では、細菌の塊である糞尿にたかってハエたちはどうして病気にかからないのでしょうか?

「免疫があるから?」うーん、ちょっと違います笑

免疫は

侵入してきた非自己をいち早く感知し、それを排除する自然免疫

感染した病原体を特異的に識別し、それを記憶することで同じ病原体に出会ったときにスピーディにそして効率的に排除する獲得免疫

とにわけることができますが、この内ハエを始めとした昆虫たちは自然免疫しか持ちません。

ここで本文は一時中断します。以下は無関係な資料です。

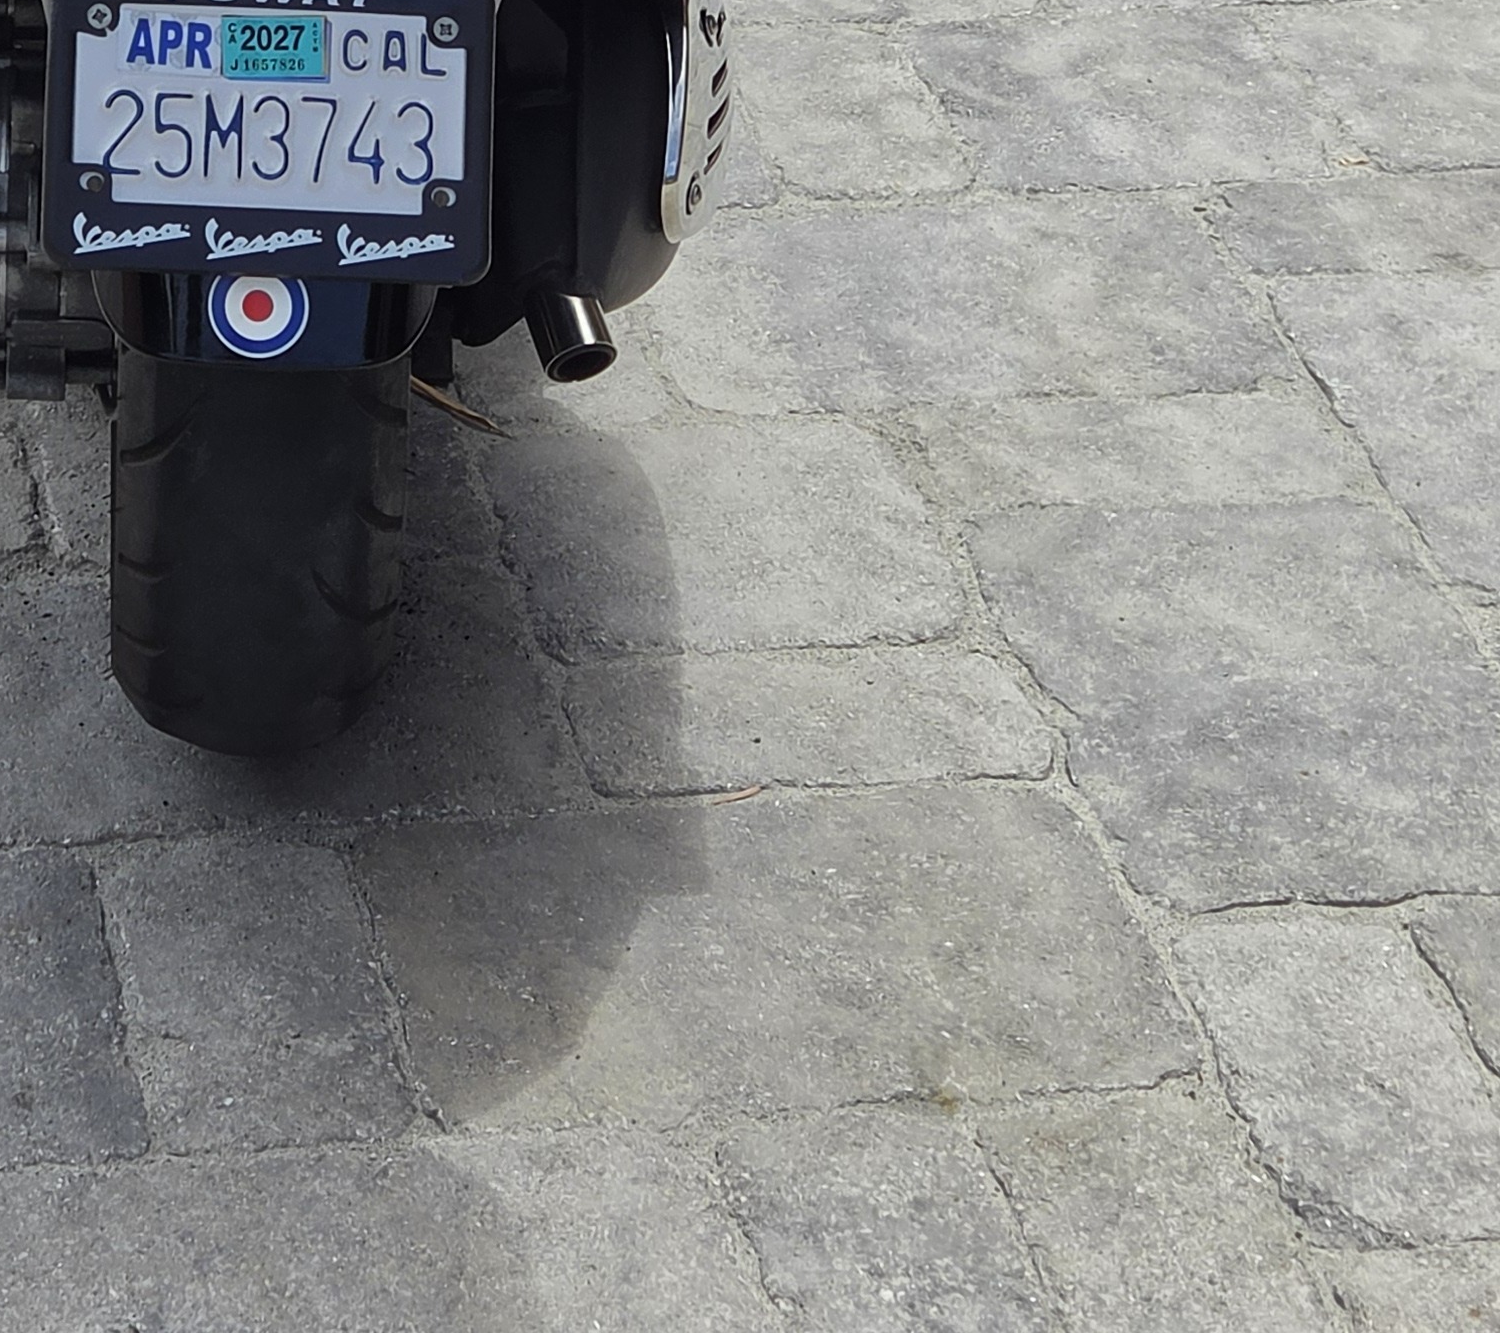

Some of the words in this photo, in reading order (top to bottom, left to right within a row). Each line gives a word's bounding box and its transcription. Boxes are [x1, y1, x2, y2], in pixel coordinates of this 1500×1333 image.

要するにハエは免疫力が低いのです。

ではどうやって病原体から身を守っているのでしょうか?

病原体から身を守るハエ

腐敗した果物や腐肉を餌し日々大量の細菌を摂取しているハエが病気にかからない理由は抗菌ペプチドや活性酸素を用いてさっ菌を行い、身体を保護しているためだと考えられています。

抗菌ペプチドは名前の通り「菌に抗(あらが)うペプチド」のことで、アミノ酸が約十~数十個連なって形成されるタンパク質のことです。

抗生物質が細菌のDNA合成を特異的に阻害したり、タンパク質合成を阻害したりするのに比べて、抗菌ペプチドは細菌の細胞膜を攻撃することでさっ菌効果を発揮します。

抗菌ペプチドはさっ菌範囲も広く耐性菌が生まれにくいという理由から産業にも利用できるのはないかと目されている物質で、ハエはこの最先端さっ菌システムを用いることで身体を保護しているのです。

また活性酸素とは「物質を酸化させる能力が非常に強い酸素」のことを指します。

あの硬い金属も酸化=錆びてボロボロになってしまうと使い物にならなくなるように私達の身体を構成するタンパク質も酸化してボロボロになるとその機能を失ってしまいます。

酸素は非常に強力な「毒」なのです。

その中でもとりわけ強力な活性酸素を細菌を撃退するために用いることで身体を保護しているのです。

以上の理由により、ハエは糞尿にたかっても病気にかかることがないのです。